文献レビューの妥当性と完全性は、決して些細な問題ではありません。編集者は、研究に新規性があると思える根拠を著者が示すことで、自分たちの関心が引き寄せられることを期待しているのです。それができない著者は、読者に対しても不明瞭な説明しかできないと判断されます。論文の要点の正当性を示すことに失敗し、編集者に議論の文脈をつかんでもらえなければ、研究の基礎が不十分というシンプルな理由で、論文はふるい落とされてしまうでしょう。
フィリッパ・J・ベンソン(Philippa J. Benson)氏とスーザン・C(Susan C)氏は、著書『What Editors Want(編集者が求めていること)』(2012)の中で、「編集者は、ジャーナルのすべての対象分野の専門家にはなり得ないので、(中略)まずは編集者、続いて査読者や読者に研究の妥当性について納得させるのは、著者の仕事である」と述べています。
ジャーナルの編集者と査読者は、著者がどのような文献を選んだかを、慎重に評価します。なぜなら文献選びは、広い学術的ランドスケープの中で、研究がどこに、どのように位置し、どのリサーチギャップを埋めようとしているのかを浮き彫りにするものだからです。
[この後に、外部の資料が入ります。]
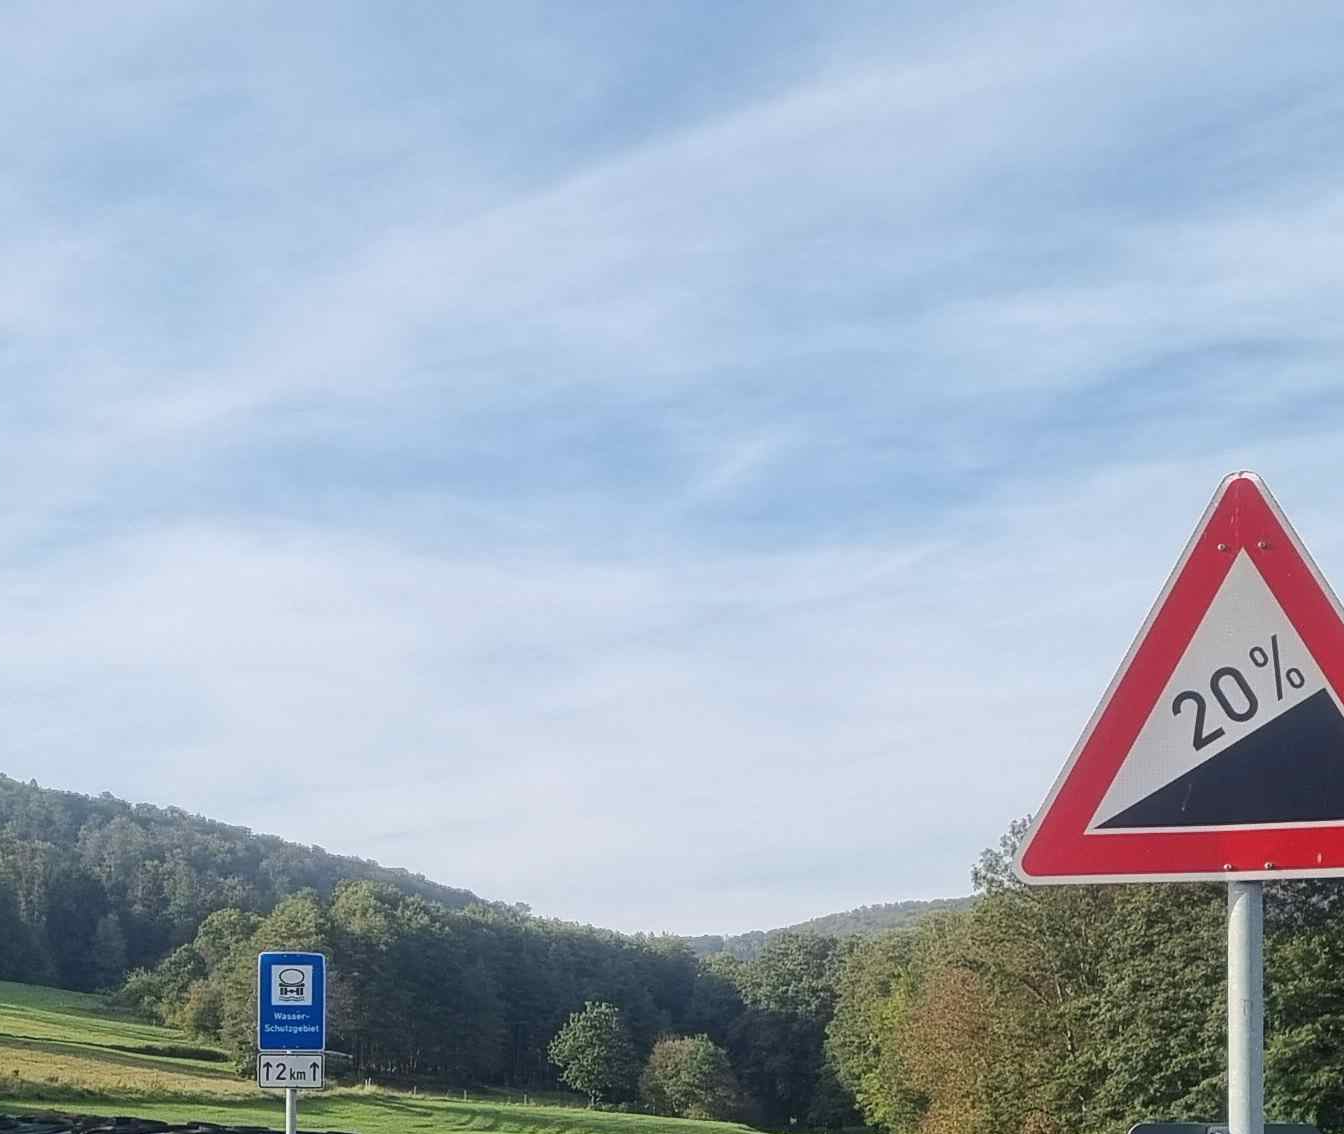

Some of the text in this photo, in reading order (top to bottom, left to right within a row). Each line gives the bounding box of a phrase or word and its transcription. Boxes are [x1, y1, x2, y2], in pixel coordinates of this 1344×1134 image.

[1171, 634, 1305, 751] 20%
[274, 1012, 310, 1020] Wasser-
[276, 1063, 306, 1080] 2 km
研究者として信頼に値するかどうかは、適切な文献レビューを構成する能力があるかどうかが1つの指標となります。文献レビューには、次の3つの目的があります: (1) 関連研究を把握できていることを示す、(2) 先行研究における最重要のアイデアや発見を見極め、それについて議論するスキルがあることを示す、(3) 先行研究について、「誰」が「何」を「いつ」「なぜ」「どのように」行なったかを示す。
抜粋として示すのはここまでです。